Copy out the entries word for word, leaving images aside.

» Records supplied
»»

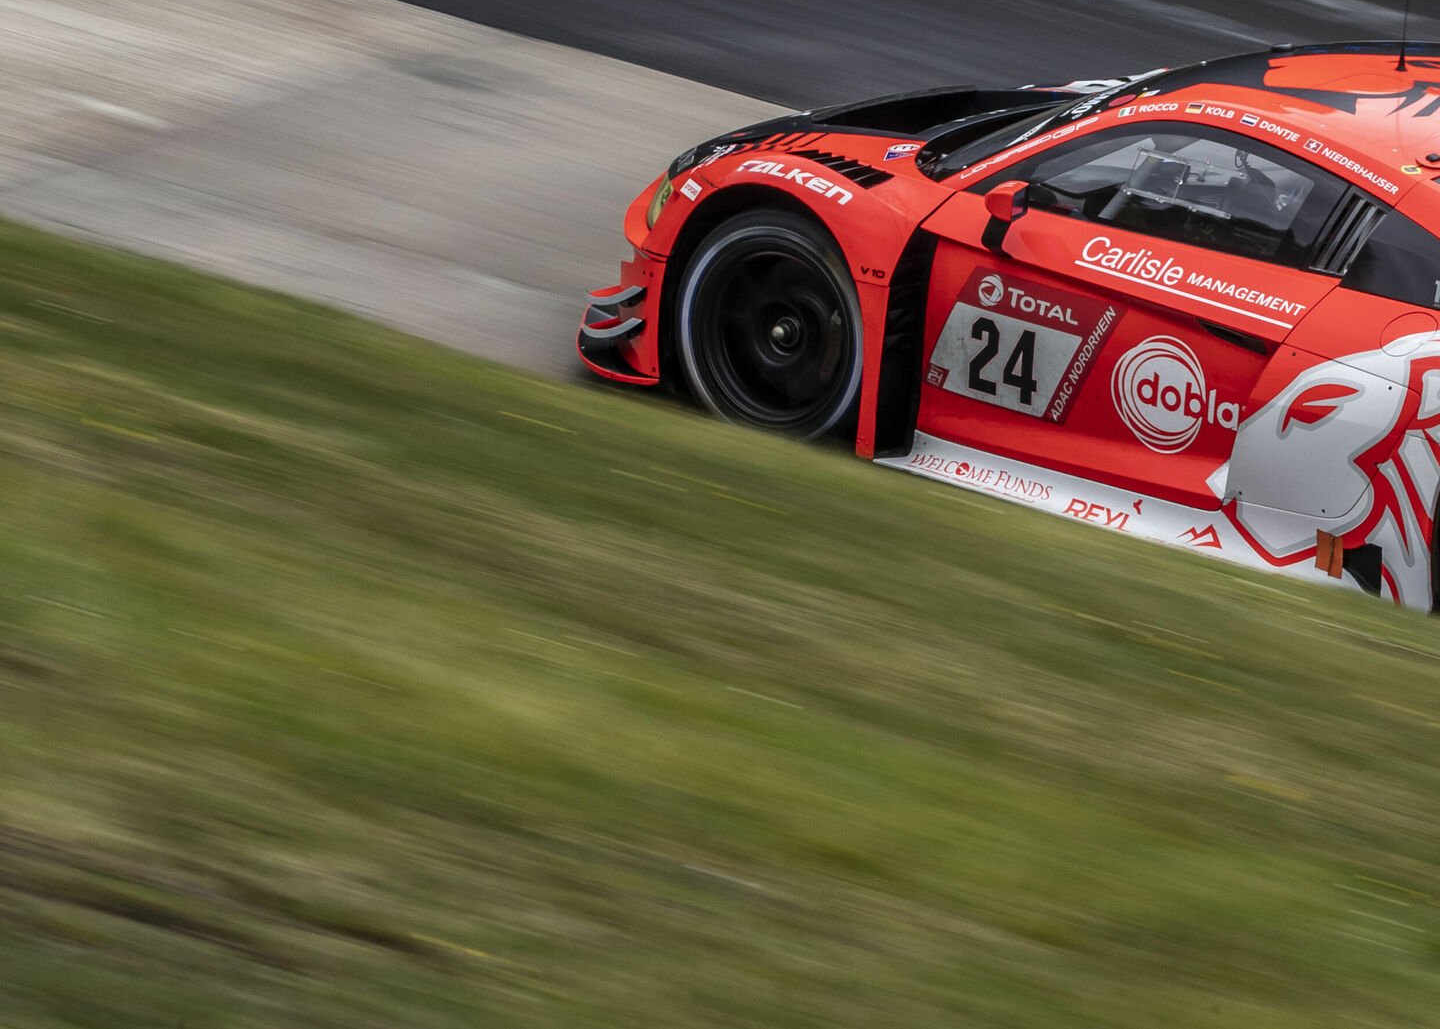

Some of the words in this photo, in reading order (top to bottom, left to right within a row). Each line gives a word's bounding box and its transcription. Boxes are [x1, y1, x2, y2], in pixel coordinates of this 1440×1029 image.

[1138, 102, 1179, 113] ROCCO
[1204, 106, 1235, 119] KOLB
[1258, 120, 1301, 143] DONTJE
[736, 160, 854, 206] FALKEN
[1320, 146, 1400, 196] NIEDERHAUSER
[1081, 236, 1184, 286] Carlisle
[1185, 271, 1306, 317] MANAGEMENT
[1007, 287, 1078, 326] TOTAL
[967, 316, 1039, 407] 24
[1051, 384, 1074, 422] ADAC
[1069, 305, 1117, 386] NORDRHEIN
[1136, 371, 1240, 431] dobla
[910, 453, 995, 485] WELCOME
[995, 469, 1054, 501] FUNDS
[1061, 497, 1130, 533] REYL
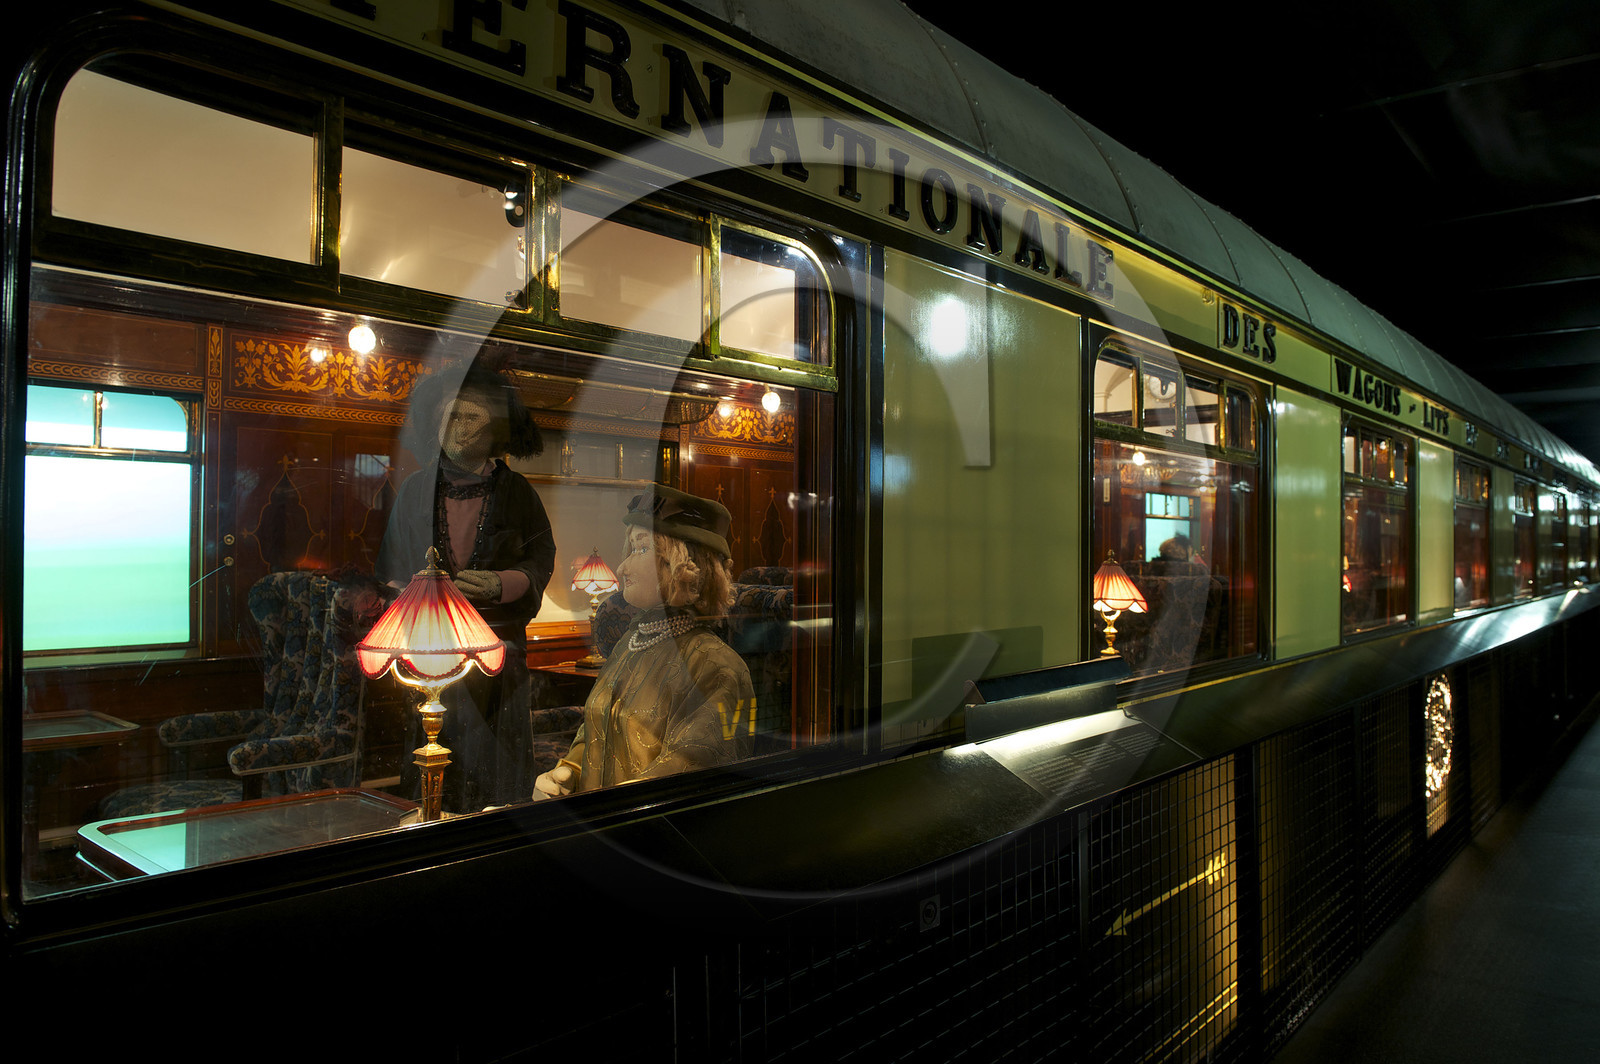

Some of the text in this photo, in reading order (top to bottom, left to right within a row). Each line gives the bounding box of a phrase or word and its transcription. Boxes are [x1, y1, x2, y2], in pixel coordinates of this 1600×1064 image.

[331, 0, 1114, 301] ERNATIONALE
[1223, 303, 1277, 364] DES
[1335, 358, 1401, 416] WAGONS
[1423, 400, 1450, 436] LITS
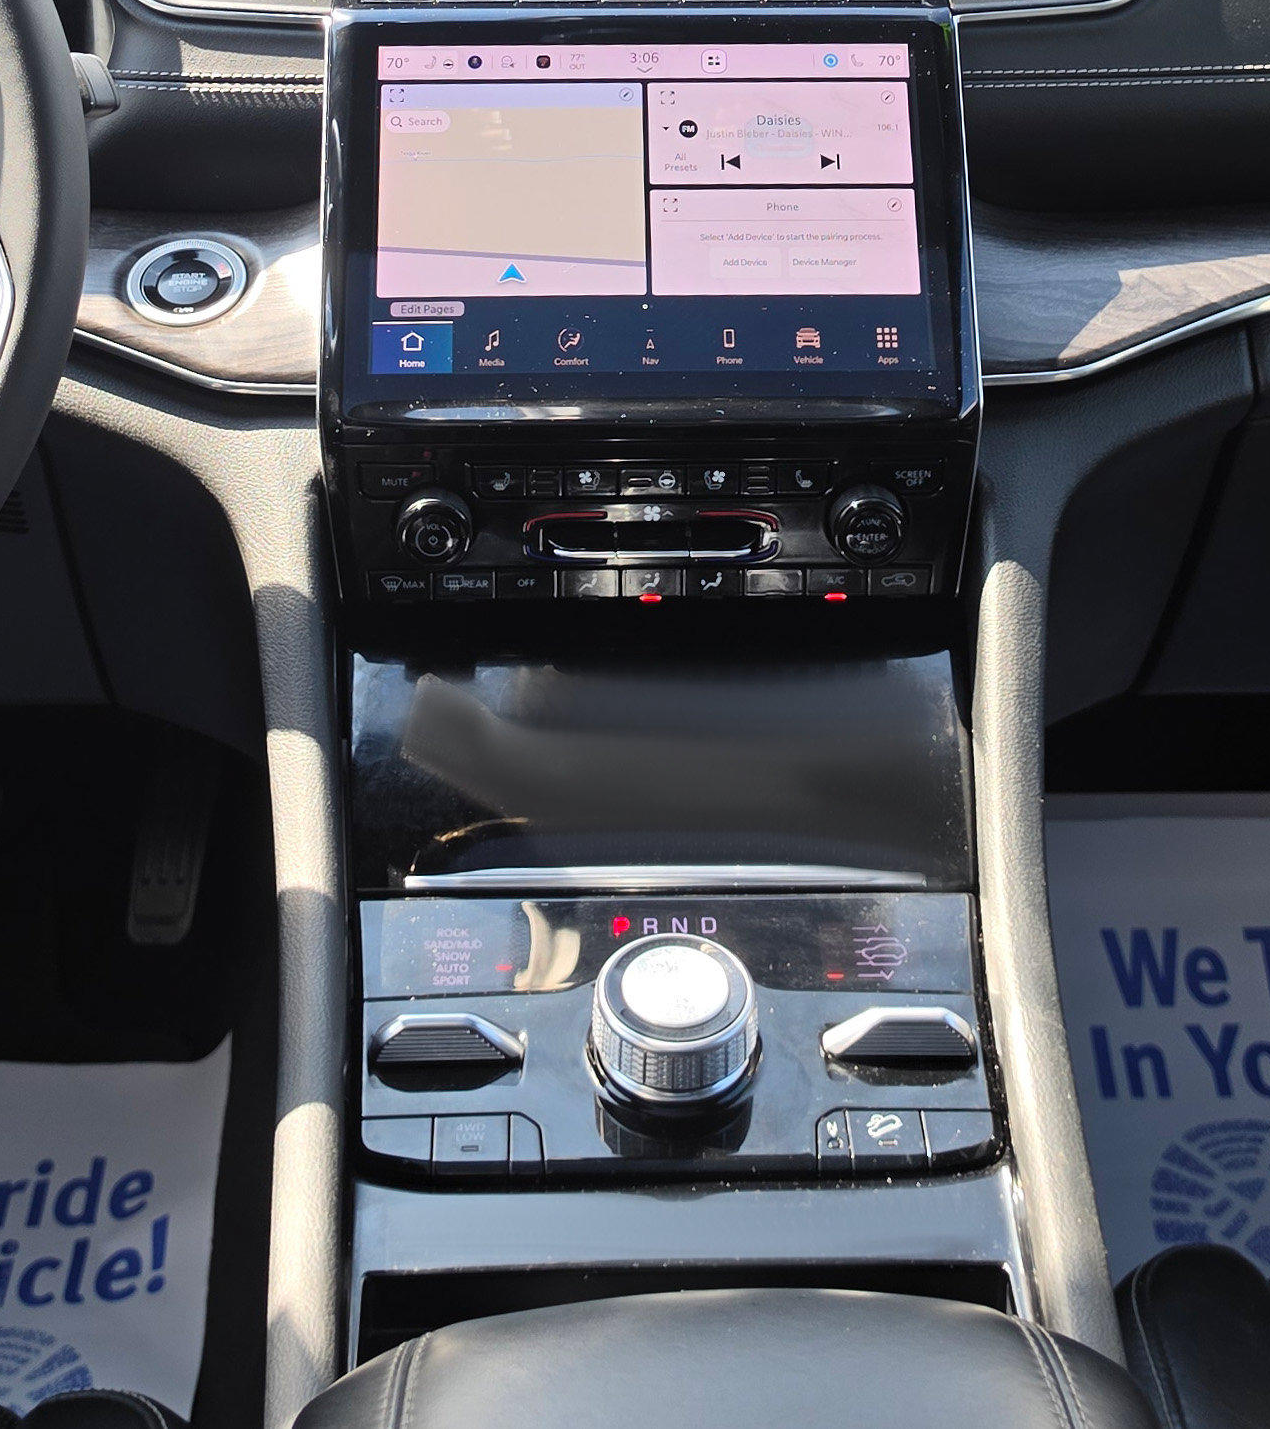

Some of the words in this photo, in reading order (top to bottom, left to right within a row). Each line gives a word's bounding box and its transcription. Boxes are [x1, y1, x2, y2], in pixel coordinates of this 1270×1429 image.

[629, 52, 660, 64] 3:06
[878, 55, 902, 67] 70°
[386, 57, 410, 69] 70°
[408, 117, 443, 127] Search
[756, 114, 801, 126] Daisies
[681, 125, 695, 133] FM
[877, 123, 899, 132] 106.1
[706, 128, 734, 140] Justin
[736, 128, 770, 139] Bieber
[777, 128, 813, 139] Daisies
[821, 128, 852, 139] WIN...
[674, 152, 687, 161] All
[664, 163, 698, 173] Presets
[766, 202, 800, 212] Phone
[699, 232, 725, 242] Select
[786, 233, 805, 242] start
[806, 233, 819, 242] the
[820, 233, 848, 243] pairing
[722, 258, 739, 267] Add
[740, 258, 768, 267] Device
[792, 258, 819, 268] Device
[820, 258, 857, 270] Manager
[172, 285, 204, 293] STOP
[401, 305, 421, 314] Edit
[423, 305, 455, 316] Pages
[399, 359, 425, 368] Home
[479, 358, 505, 367] Media
[554, 357, 589, 366] Comfort
[642, 356, 660, 365] Nav
[716, 356, 744, 365] Phone
[793, 355, 824, 365] Vehicle
[877, 356, 899, 366] Apps
[895, 470, 931, 479] SCREEN
[382, 478, 409, 487] MUTE
[905, 478, 923, 487] OFF
[426, 523, 440, 531] VOL
[861, 519, 882, 527] TUNE
[463, 579, 489, 588] REAR
[517, 578, 535, 587] OFF
[827, 576, 845, 584] A/C
[403, 581, 426, 589] MAX
[613, 917, 630, 935] P
[643, 918, 658, 934] R
[672, 918, 688, 933] N
[701, 917, 718, 933] D
[436, 929, 469, 938] ROCK
[424, 940, 482, 951] SAND/MUD
[434, 952, 471, 962] SNOW
[436, 963, 469, 973] AUTO
[1100, 926, 1232, 1009] We
[433, 975, 470, 986] SPORT
[1089, 1023, 1172, 1101] In
[455, 1132, 485, 1141] LOW
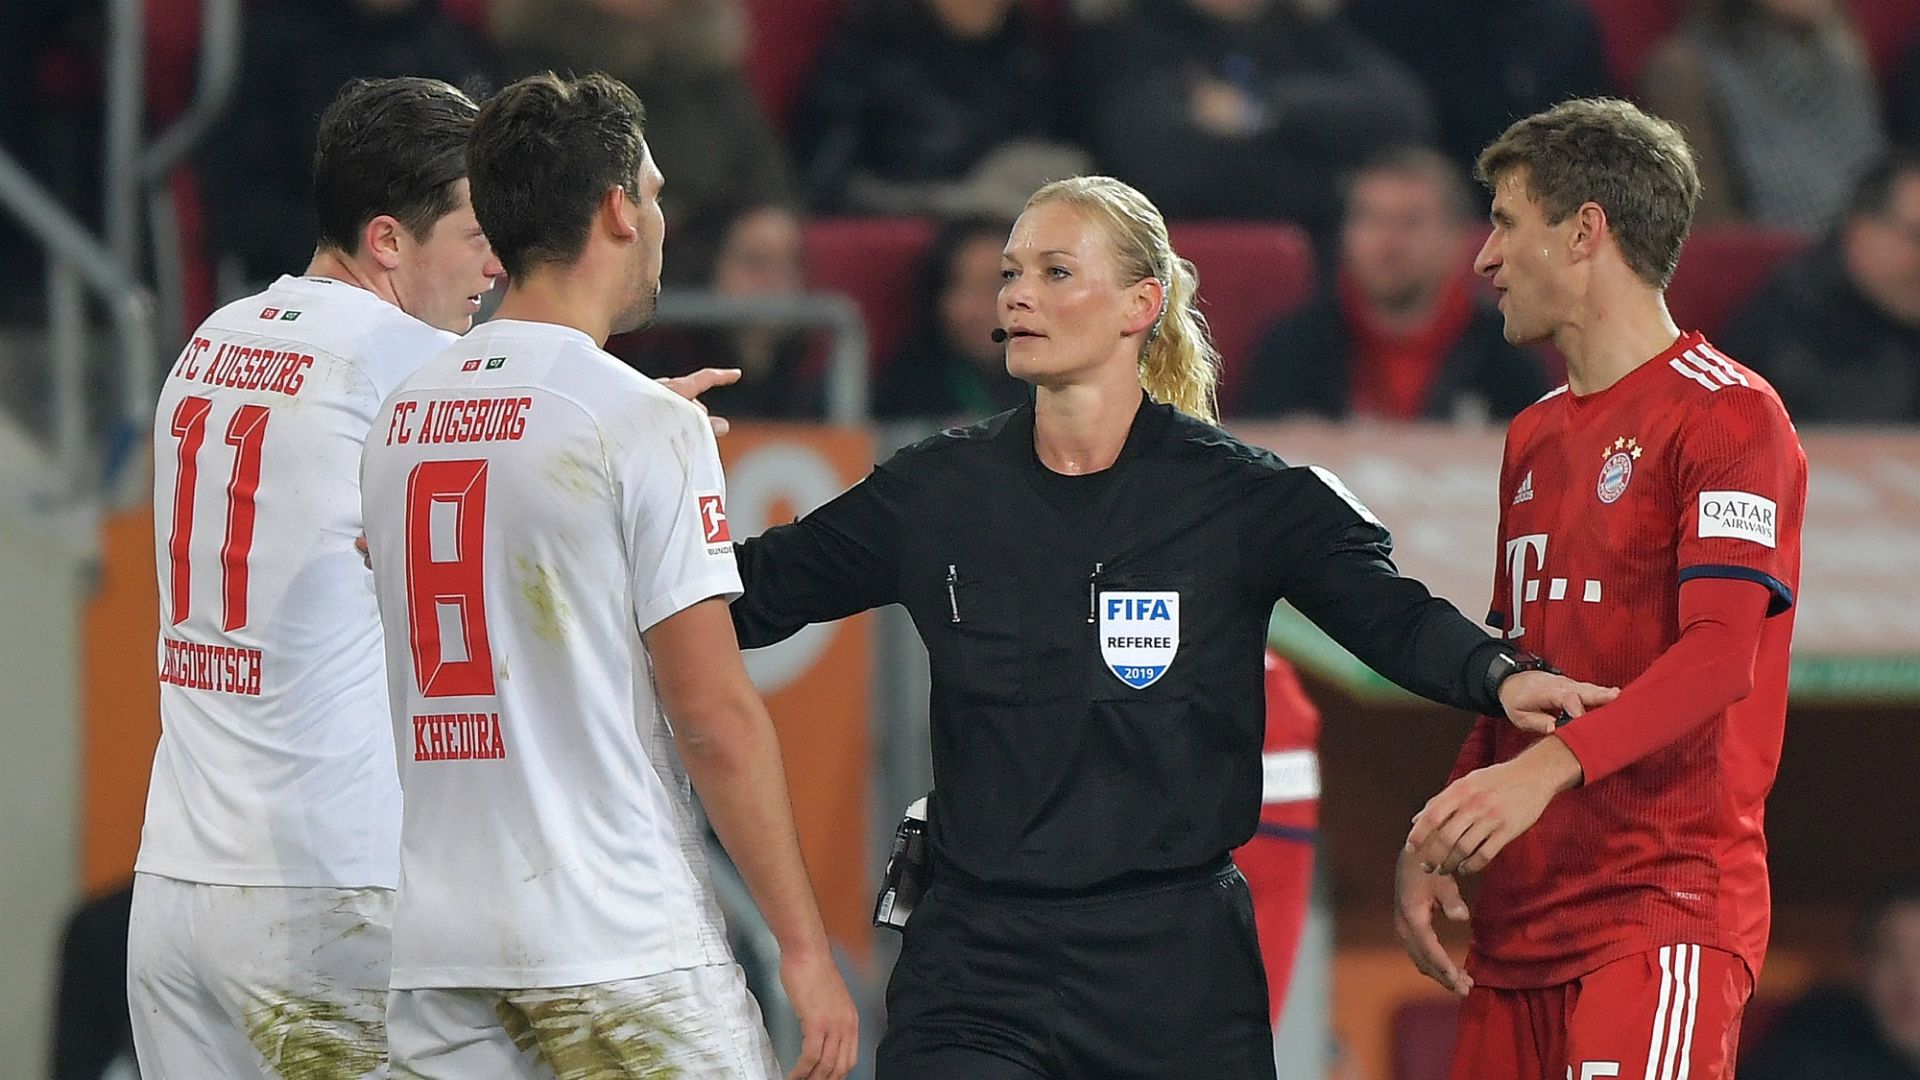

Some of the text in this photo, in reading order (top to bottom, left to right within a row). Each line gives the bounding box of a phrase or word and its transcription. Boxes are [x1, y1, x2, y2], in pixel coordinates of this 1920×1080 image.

[175, 337, 314, 396] FC AUGSBURG
[386, 397, 532, 446] FC AUGSBURG
[169, 395, 272, 631] 11
[1703, 500, 1772, 527] QATAR
[1722, 518, 1772, 538] AIRWAYS
[707, 546, 734, 556] BUNDE
[405, 458, 497, 697] 8
[1107, 599, 1171, 621] FIFA
[1107, 637, 1171, 649] REFEREE
[1124, 667, 1154, 680] 2019
[412, 712, 506, 761] KHEDIRA

««

» Your solution
Some of the words in this photo, in reading order (top to bottom, left to right within a row). Each line gives a word's bounding box and its transcription. Boxes are [x1, y1, x2, y2], in pixel coordinates of this 1440×1029 image.

[1138, 102, 1179, 113] ROCCO
[1204, 106, 1235, 119] KOLB
[1258, 120, 1301, 143] DONTJE
[736, 160, 854, 206] FALKEN
[1320, 146, 1400, 196] NIEDERHAUSER
[1081, 236, 1184, 286] Carlisle
[1185, 271, 1306, 317] MANAGEMENT
[1007, 287, 1078, 326] TOTAL
[967, 316, 1039, 407] 24
[1051, 384, 1074, 422] ADAC
[1069, 305, 1117, 386] NORDRHEIN
[1136, 371, 1240, 431] dobla
[910, 453, 995, 485] WELCOME
[995, 469, 1054, 501] FUNDS
[1061, 497, 1130, 533] REYL

Some of the text in this photo, in reading order (top to bottom, left to right within a row). Each line gives the bounding box of a phrase or word and its transcription. Boxes are [x1, y1, x2, y2], in pixel coordinates of this 1600×1064 image.

[331, 0, 1114, 301] ERNATIONALE
[1223, 303, 1277, 364] DES
[1335, 358, 1401, 416] WAGONS
[1423, 400, 1450, 436] LITS

Some of the words in this photo, in reading order (top to bottom, left to right within a row). Each line gives a word's bounding box and its transcription. Boxes are [x1, y1, x2, y2], in pixel coordinates of this 1270×1429 image.

[629, 52, 660, 64] 3:06
[878, 55, 902, 67] 70°
[386, 57, 410, 69] 70°
[408, 117, 443, 127] Search
[756, 114, 801, 126] Daisies
[681, 125, 695, 133] FM
[877, 123, 899, 132] 106.1
[706, 128, 734, 140] Justin
[736, 128, 770, 139] Bieber
[777, 128, 813, 139] Daisies
[821, 128, 852, 139] WIN...
[674, 152, 687, 161] All
[664, 163, 698, 173] Presets
[766, 202, 800, 212] Phone
[699, 232, 725, 242] Select
[786, 233, 805, 242] start
[806, 233, 819, 242] the
[820, 233, 848, 243] pairing
[722, 258, 739, 267] Add
[740, 258, 768, 267] Device
[792, 258, 819, 268] Device
[820, 258, 857, 270] Manager
[172, 285, 204, 293] STOP
[401, 305, 421, 314] Edit
[423, 305, 455, 316] Pages
[399, 359, 425, 368] Home
[479, 358, 505, 367] Media
[554, 357, 589, 366] Comfort
[642, 356, 660, 365] Nav
[716, 356, 744, 365] Phone
[793, 355, 824, 365] Vehicle
[877, 356, 899, 366] Apps
[895, 470, 931, 479] SCREEN
[382, 478, 409, 487] MUTE
[905, 478, 923, 487] OFF
[426, 523, 440, 531] VOL
[861, 519, 882, 527] TUNE
[463, 579, 489, 588] REAR
[517, 578, 535, 587] OFF
[827, 576, 845, 584] A/C
[403, 581, 426, 589] MAX
[613, 917, 630, 935] P
[643, 918, 658, 934] R
[672, 918, 688, 933] N
[701, 917, 718, 933] D
[436, 929, 469, 938] ROCK
[424, 940, 482, 951] SAND/MUD
[434, 952, 471, 962] SNOW
[436, 963, 469, 973] AUTO
[1100, 926, 1232, 1009] We
[433, 975, 470, 986] SPORT
[1089, 1023, 1172, 1101] In
[455, 1132, 485, 1141] LOW

Some of the text in this photo, in reading order (top to bottom, left to right within a row). Each line gives the bounding box of a phrase or word and its transcription. Boxes are [x1, y1, x2, y2], in pixel coordinates of this 1920×1080 image.

[175, 337, 314, 396] FC AUGSBURG
[386, 397, 532, 446] FC AUGSBURG
[169, 395, 272, 631] 11
[1703, 500, 1772, 527] QATAR
[1722, 518, 1772, 538] AIRWAYS
[707, 546, 734, 556] BUNDE
[405, 458, 497, 697] 8
[1107, 599, 1171, 621] FIFA
[1107, 637, 1171, 649] REFEREE
[1124, 667, 1154, 680] 2019
[412, 712, 506, 761] KHEDIRA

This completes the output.